First, the executive felt so out of touch with her company’s customers that she needed to seek an ad hoc feedback mechanism.
And second, the mechanism she chose was not truly representative of the company’s typical customers. Social network comments on corporate social media feeds are dominated by a subset of extremely vocal customers, usually with a bone to pick. Marketing teams are forced to engage with them because they are noisy and obstreperous, but treating them as a representative sample of your entire customer base isn’t just unwise, it’s dangerous.
To prevent this sad and common scenario, we recommend creating an empathy feed that compiles direct customer feedback from many sources and provides an ongoing stream of customer videos and insight.
Let people subscribe to this feed; make sure the entire company has easy access to it. Structure it to be engaging, simple, and fun for anyone in the company to learn whenever they have a few free minutes. (It’s a much better alternative than absorbing the latest outrage from Twitter.)
How to build an empathy feed:
- Collect content from multiple sources: In addition to sharing videos from user tests, pull in customer video from other sources, like customer calls recorded through Zoom, Microsoft Teams, Chorus, Gong, or another service.
- Build content generators for the feed: You can create some regularly scheduled studies that run automatically and ask key questions. These shouldn’t be the majority of the empathy feed content, but they can augment other contributions.
- Create a mechanism to collect and organize compelling moments: Train people to tag video using consistent tags that will flag them for the feed. Make sure they do this any time they run studies to collect human insight.
- Recruit wunderkinds as curators: Ask folks who know how to create social video content to curate and maintain the feed. You’re looking for YouTube- or TikTok-style short clips with punchy messages.
Wrap everything up in a channel people can subscribe to, and make sure it will notify them proactively when new information is posted. Extra points if people can up-vote their favorites. Make your empathy feed dynamic and interactive.
Your human insight solution should:
- Allow you to establish a standard set of tags to make human insight easy to find and consume.
- Provide search capabilities to quickly locate themes or findings by the established set of tags.
- Allow you to put together a compelling group of videos, often called a highlight reel, to share with others in your organization.
Make “ask, don’t guess” your motto
Ensuring that human insight informs all business decisions requires a commitment to continually asking questions.

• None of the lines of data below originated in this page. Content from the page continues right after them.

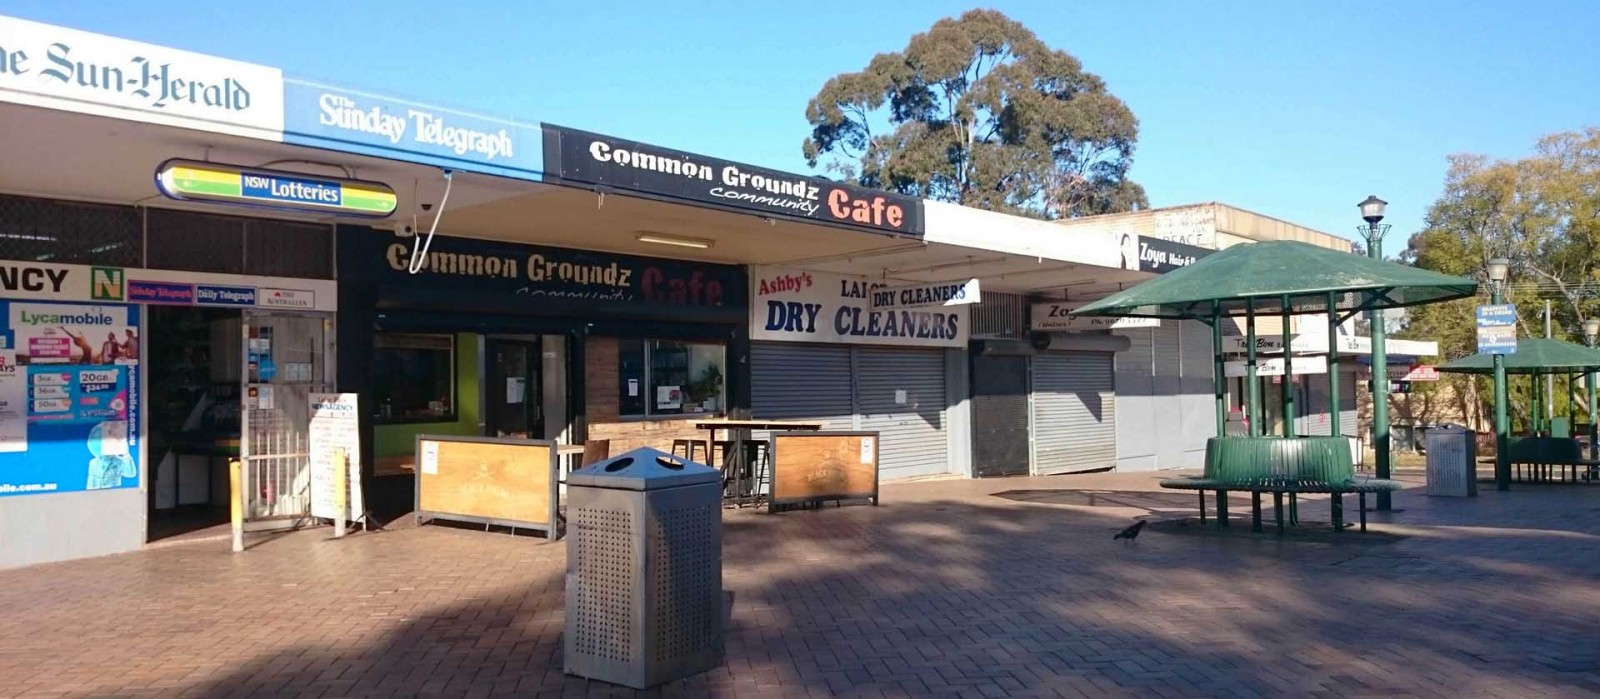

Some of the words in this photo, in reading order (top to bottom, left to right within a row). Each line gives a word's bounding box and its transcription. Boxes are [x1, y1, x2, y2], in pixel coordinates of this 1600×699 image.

[40, 42, 251, 111] Sun-Herald
[319, 93, 406, 144] Sunday
[408, 109, 513, 160] Telegraph
[588, 140, 714, 181] Common
[721, 164, 820, 201] Groundz
[244, 175, 270, 190] NSW
[271, 177, 339, 203] Lotteries
[827, 188, 904, 228] Cafe
[1140, 242, 1167, 268] Zoya
[1168, 253, 1184, 267] Hair
[386, 243, 518, 279] Common
[526, 253, 632, 287] Groundz
[640, 266, 723, 307] Cafe
[758, 272, 813, 296] Ashby's
[198, 288, 219, 300] Daily
[220, 290, 254, 302] Telegraph
[873, 290, 897, 308] DRY
[900, 283, 966, 303] CLEANERS
[21, 310, 113, 326] Lycamobile
[765, 300, 822, 333] DRY
[833, 305, 959, 340] CLEANERS
[1256, 338, 1274, 348] Bon
[82, 373, 109, 382] 20GB
[312, 403, 353, 411] NEWSAGENCY

Any time anyone is preparing to make a decision that will impact customers, those customers should be consulted. No more guessing or bypassing insight-gathering. Always check.
FamilySearch took this advice to heart when they were planning to expand their market reach. After serving North America for decades, the company was excited at the prospect of opening up its service to China, home to 20% of the world’s population. But the product and design team knew the expansion would be a huge undertaking—one that needed to go smoothly to provide the best experience possible for new users in a foreign language.
FamilySearch knew they had built an enduring and popular platform experience. But they also knew it was based on decades of Western cultural assumptions, and that they needed to re-examine their assumptions about how to provide the search experience in a part of the world with very different cultural norms. The team needed fresh perspectives from real users.
They searched for and connected with dozens of target test contributors, including people with bilingual fluency in Chinese and English and a number of other specific requirements. FamilySearch used both live and self-guided testing approaches to capture human insight.
And the tests were absolutely priceless. The company learned firsthand about how different Chinese customer expectations were compared to Americans. As Eric Leach, Senior Product Manager, says, “I think everyone gets excited when they find a family record for the first time. But for our Chinese users, they generally don’t find just one record at a time. The way the Chinese genealogical system works, it’s like a family tree in reverse where instead of starting with yourself and going backward in time, you start with a family name from a single individual who may have lived hundreds of years ago and then search through an entire book with a thousand people stemming from that one person. So when you make that kind of discovery, it’s like taking your feelings and multiplying them by a thousand.”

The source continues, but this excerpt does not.